● WHAT THE EXERCISE ASKS: Please repeat exactly the lines from the one containing "this 1896×1080 image." through the last line of the records below, leaving out any pictures.

● RECORDS FOR THIS TASK:
◆ ◆ ◆ ◆
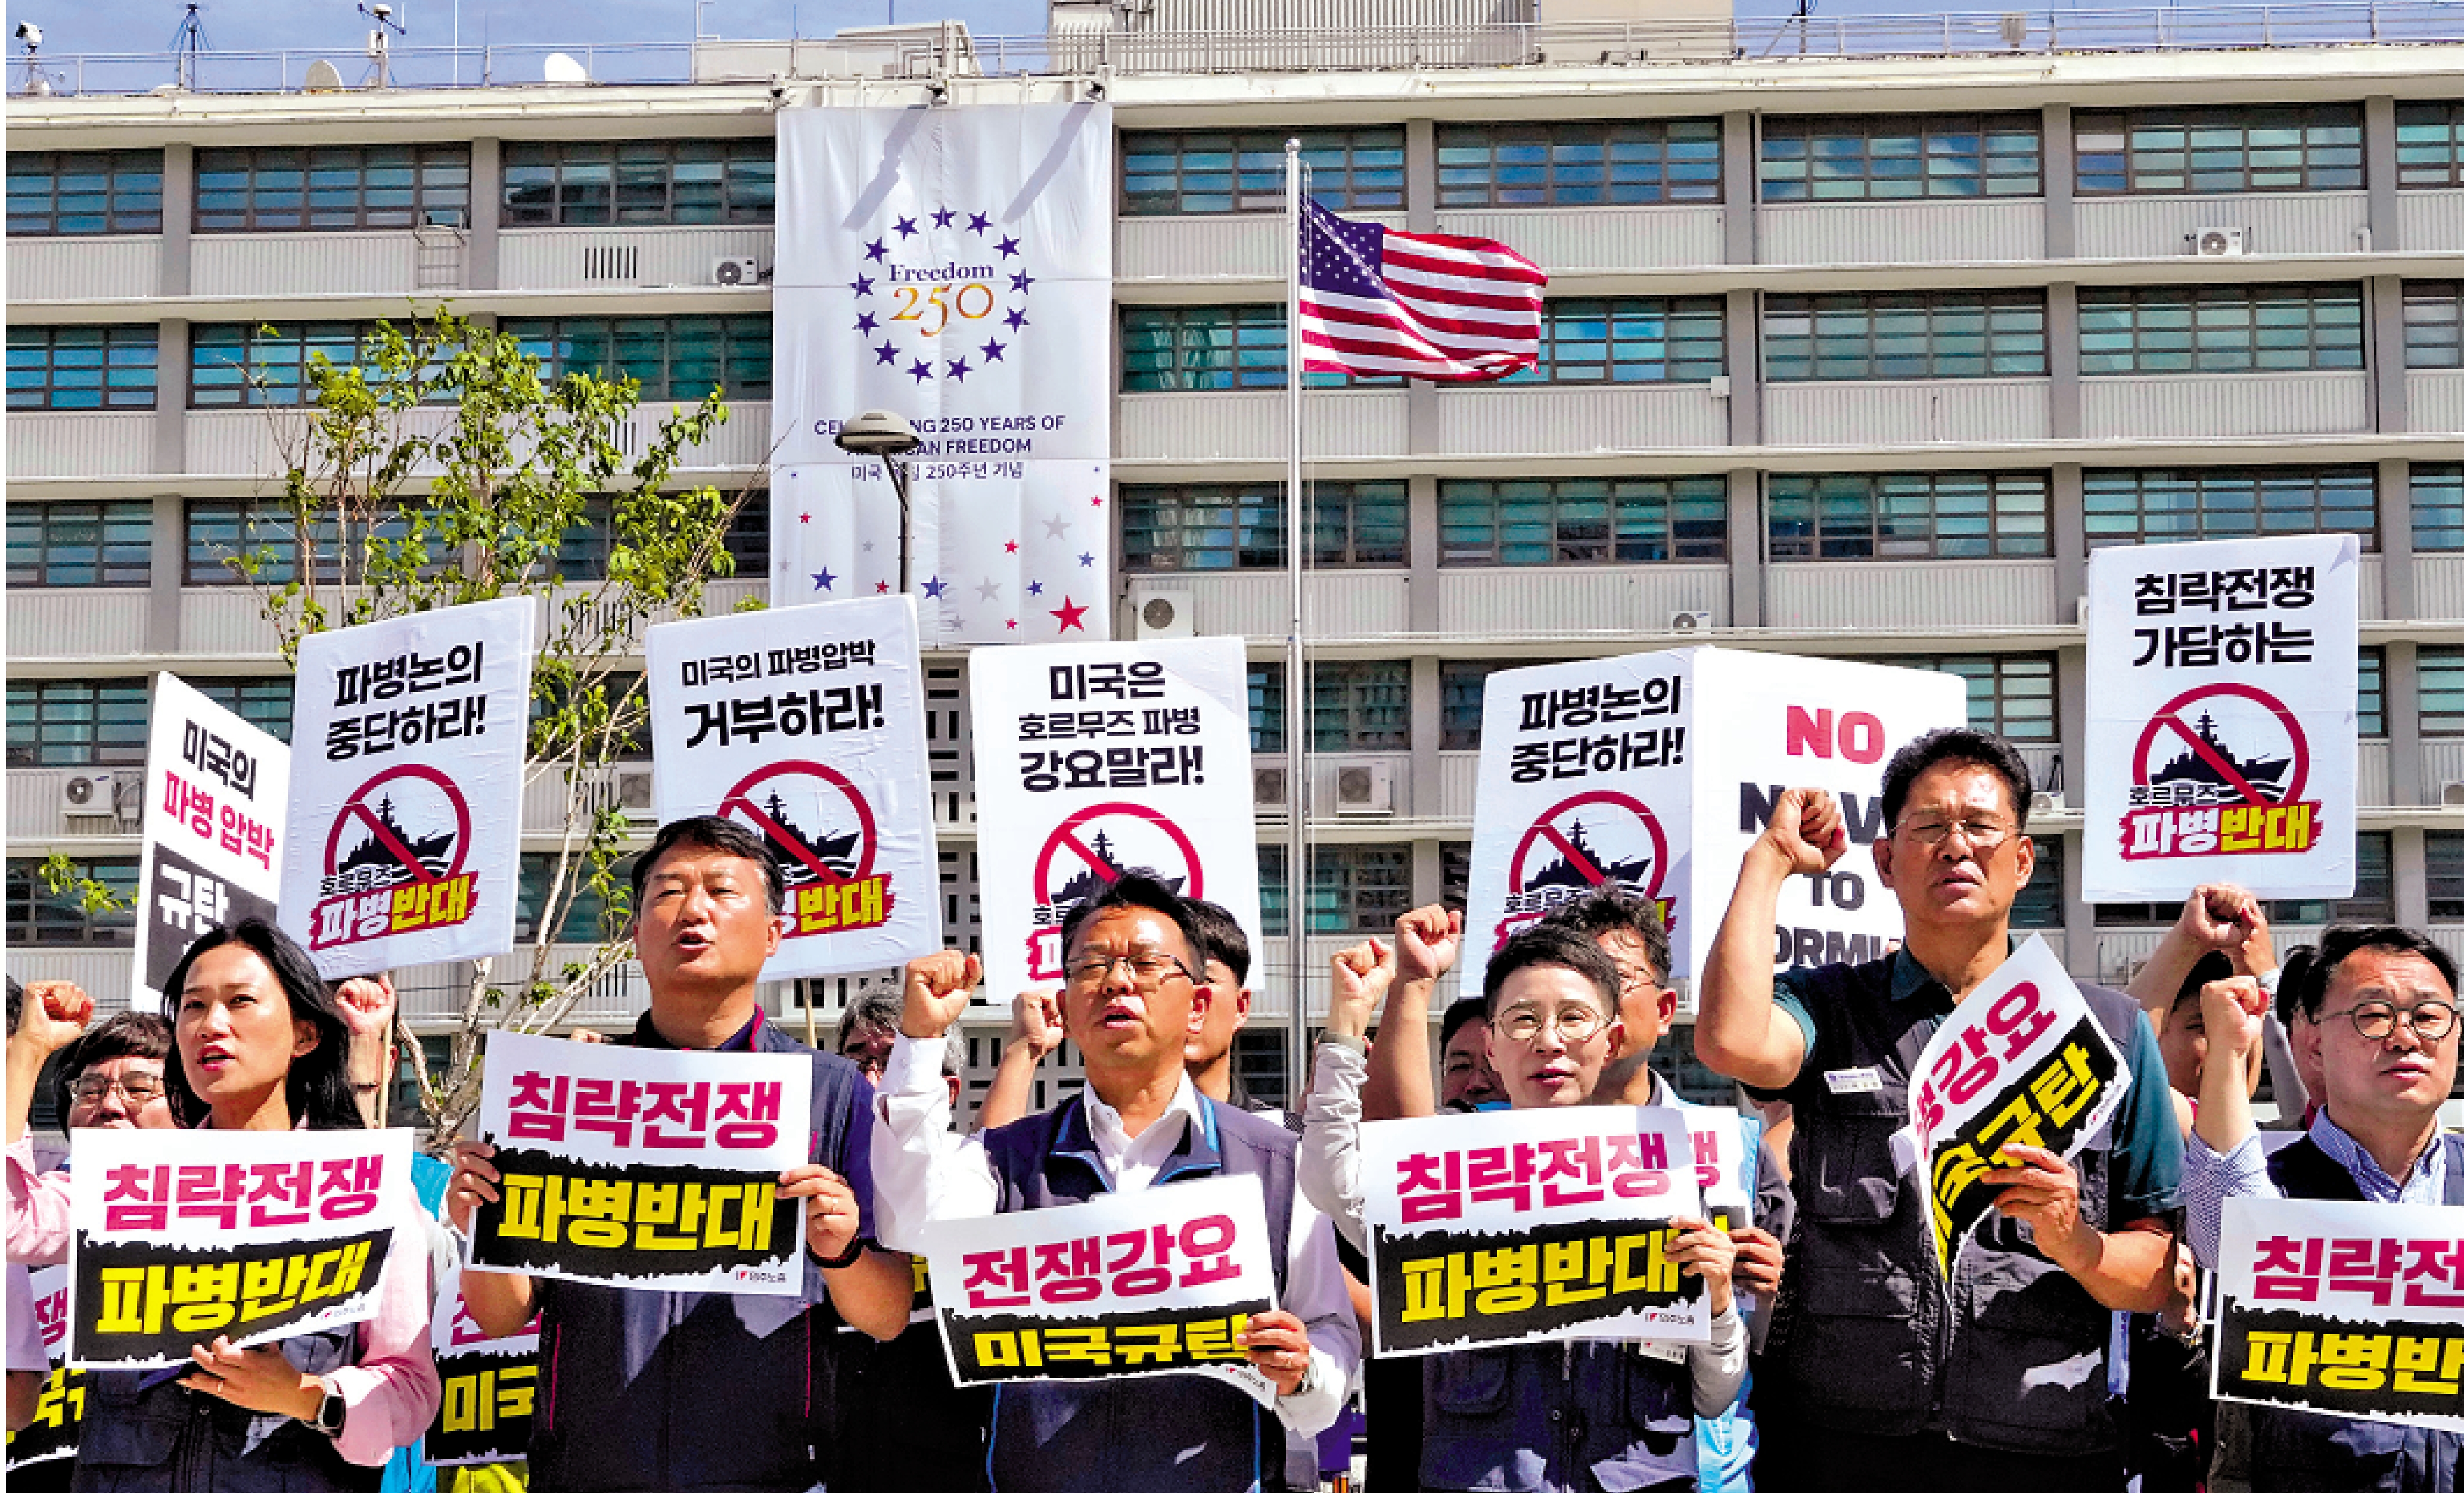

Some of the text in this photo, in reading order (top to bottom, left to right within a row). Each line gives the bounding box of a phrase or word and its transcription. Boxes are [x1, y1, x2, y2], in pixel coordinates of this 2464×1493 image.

[888, 262, 994, 281] Freedom
[890, 283, 994, 337] 250
[940, 417, 973, 433] 250
[979, 415, 1036, 431] YEARS
[1042, 415, 1066, 430] OF
[946, 438, 1031, 454] FREEDOM
[2135, 566, 2314, 616] 침략전쟁
[682, 638, 876, 686] 미국의 파병압박
[2133, 622, 2314, 667] 가담하는
[334, 641, 484, 707] 파병논의
[1051, 662, 1166, 702] 미국은
[327, 694, 486, 761] 중단하라!
[683, 682, 885, 749] 거부하라!
[1018, 706, 1201, 741] 호르무즈 파병
[1520, 675, 1682, 732] 파병논의
[182, 718, 257, 802] 미국의
[1511, 726, 1686, 783] 중단하라!
[1786, 705, 1885, 765] NO
[1021, 745, 1204, 793] 강요말라!
[163, 770, 275, 872] 파병 압박
[2130, 803, 2310, 855] 파병반대
[317, 875, 470, 944] 파병반대
[1808, 871, 1865, 910] TO
[508, 1070, 782, 1150] 침략전쟁
[104, 1154, 384, 1232] 침략전쟁
[1397, 1132, 1671, 1225] 침략전쟁
[497, 1173, 776, 1252] 파병반대
[95, 1240, 372, 1334] 파병반대
[962, 1213, 1242, 1309] 전쟁강요
[1401, 1229, 1679, 1323] 파병반대
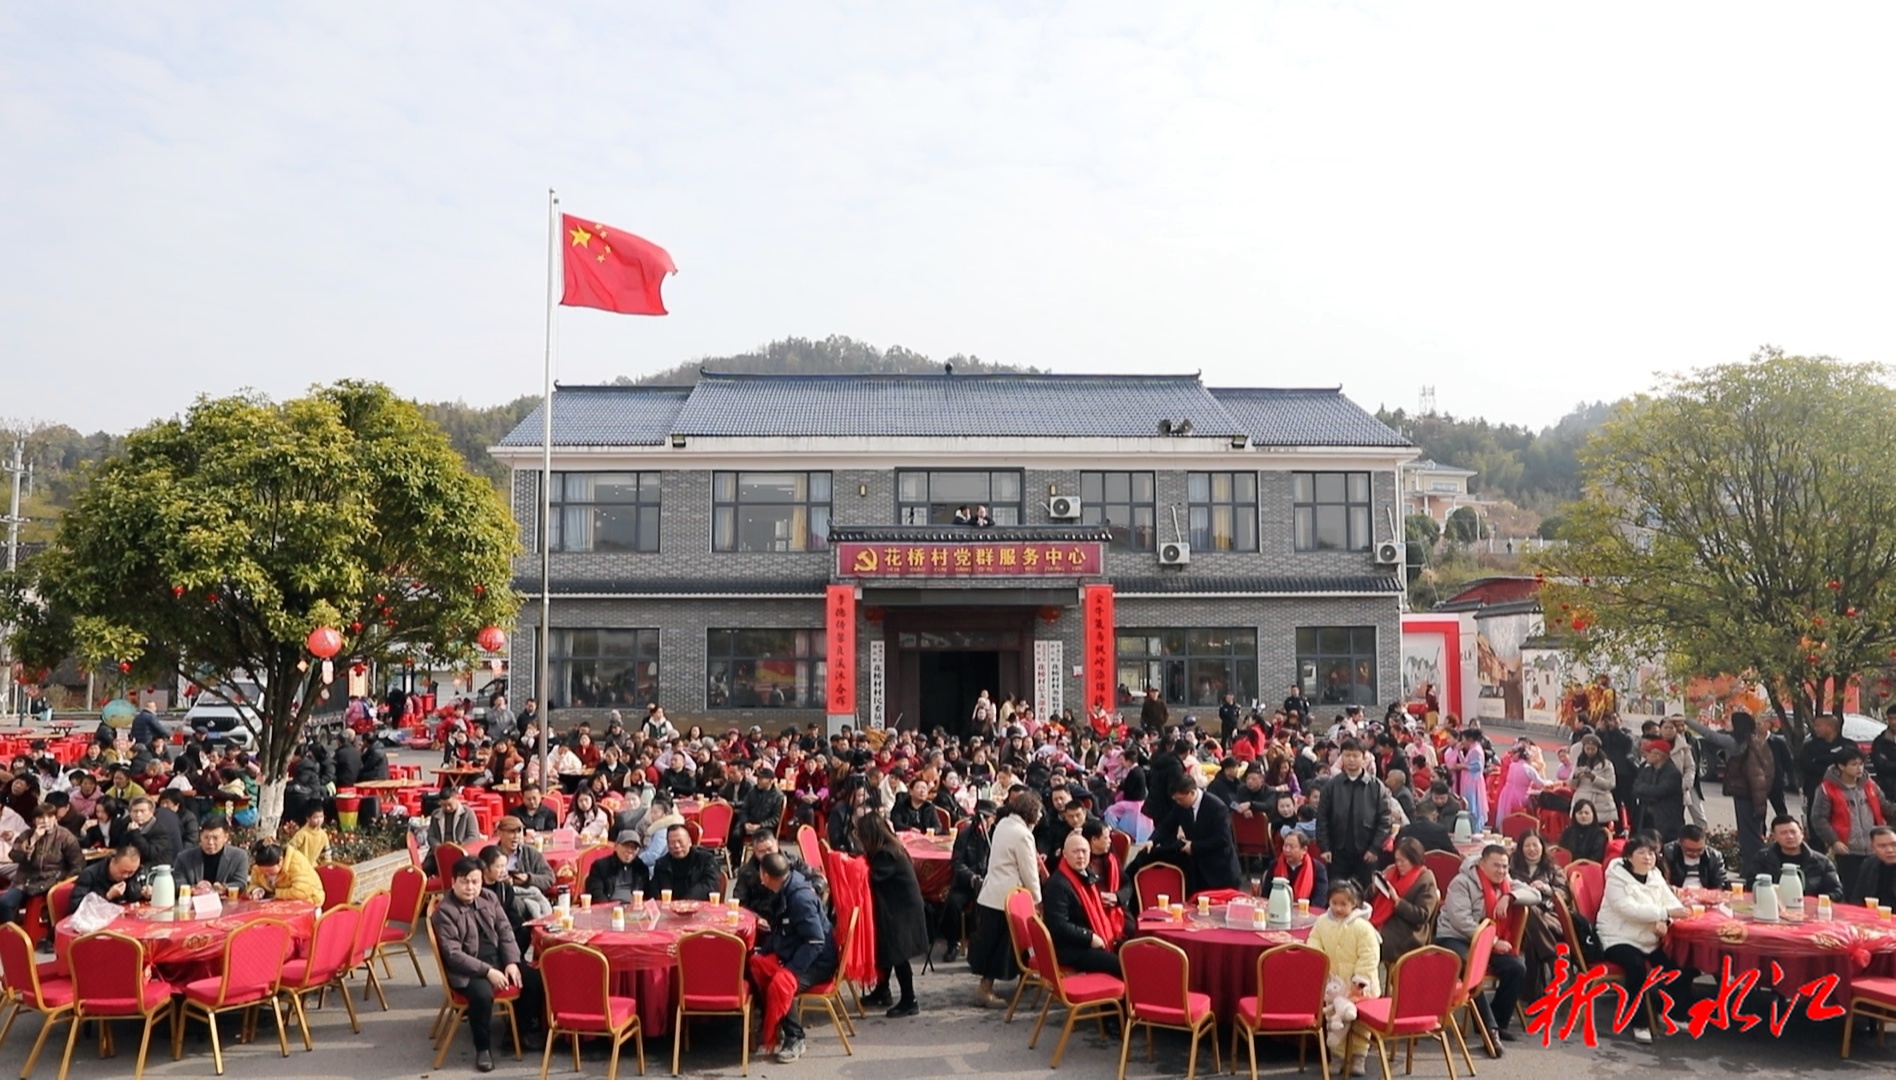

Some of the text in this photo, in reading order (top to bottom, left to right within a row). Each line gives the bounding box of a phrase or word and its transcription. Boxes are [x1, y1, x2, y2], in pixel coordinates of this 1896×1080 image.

[884, 547, 1087, 566] 花桥村党群服务中心
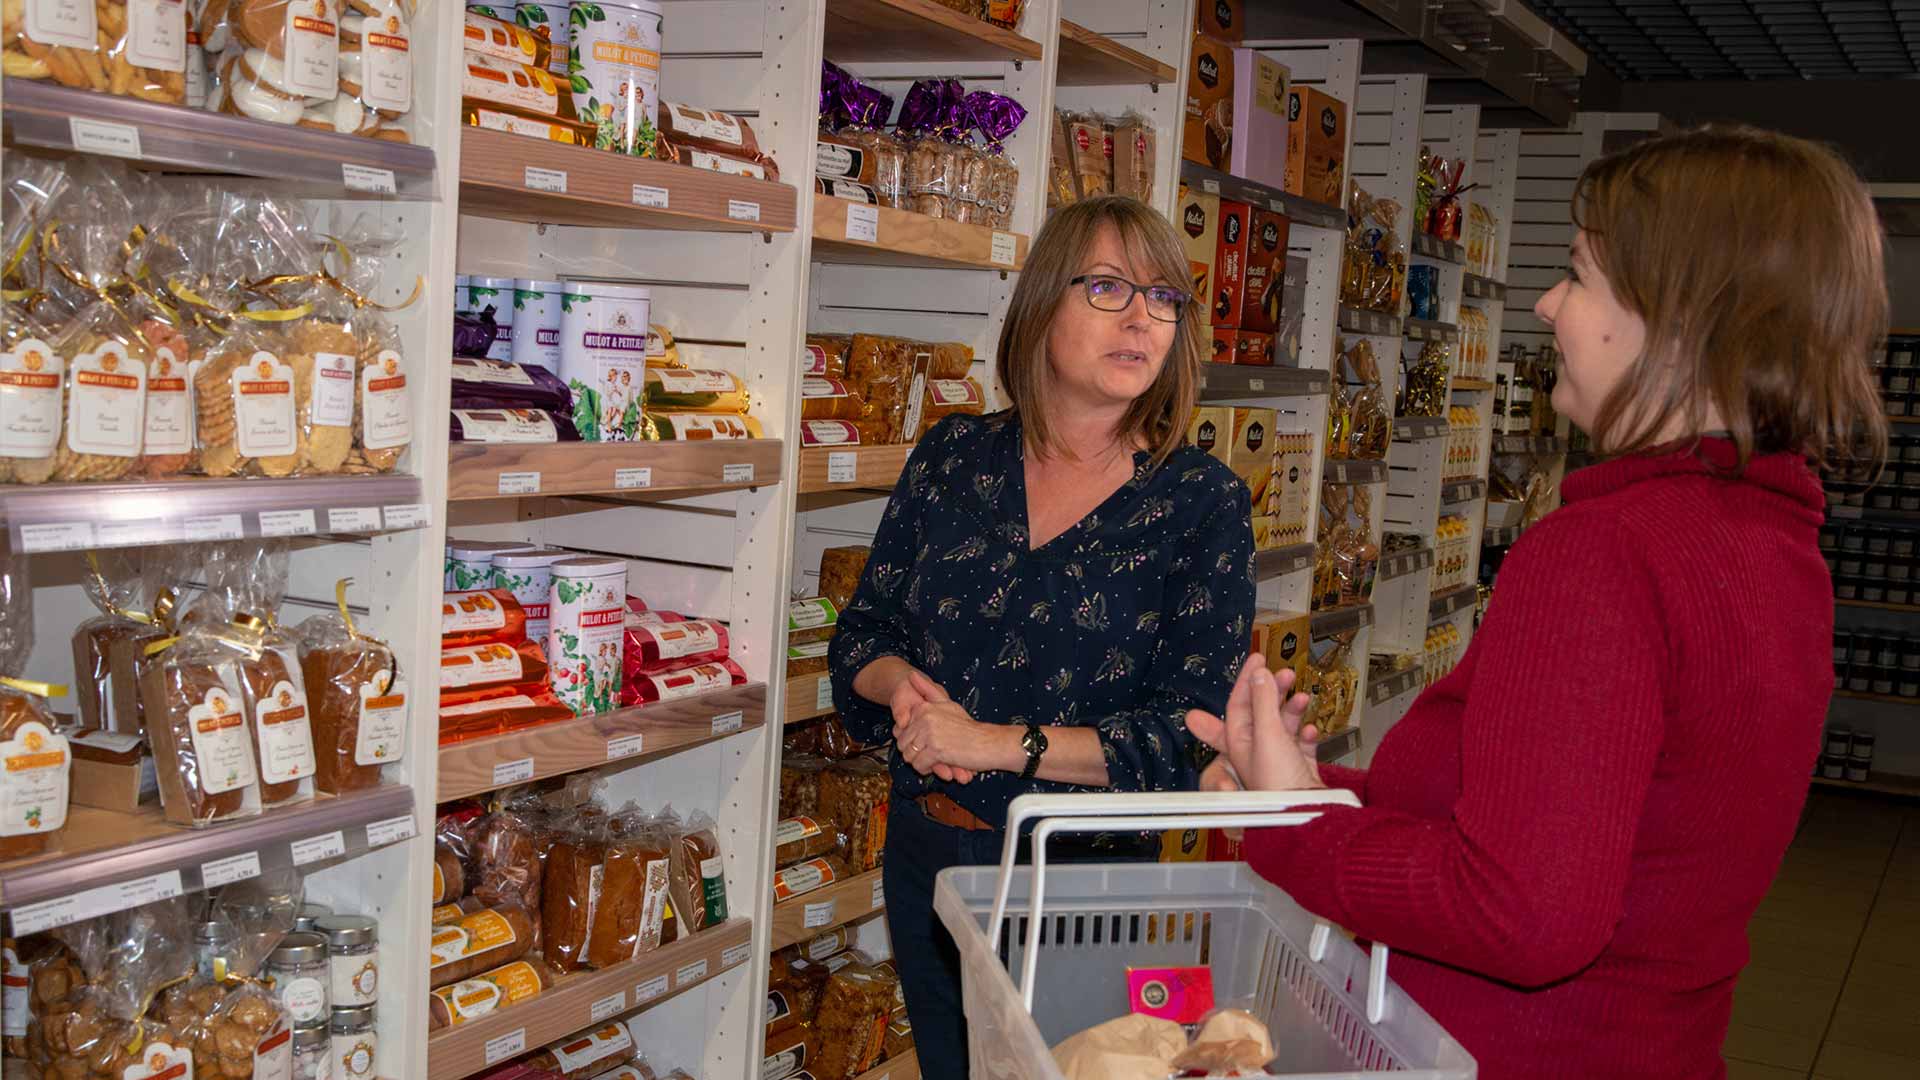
◆ ◆ ◆ ◆
● RESPONSE FOR THIS EXERCISE:
Some of the text in this photo, in reading order (top to bottom, left to right within a row). Each line gives the bounding box of a phrase or word and its transcription. Boxes are [x1, y1, x2, y2], in pixel coordinates of this 1896×1080 image.

[884, 547, 1087, 566] 花桥村党群服务中心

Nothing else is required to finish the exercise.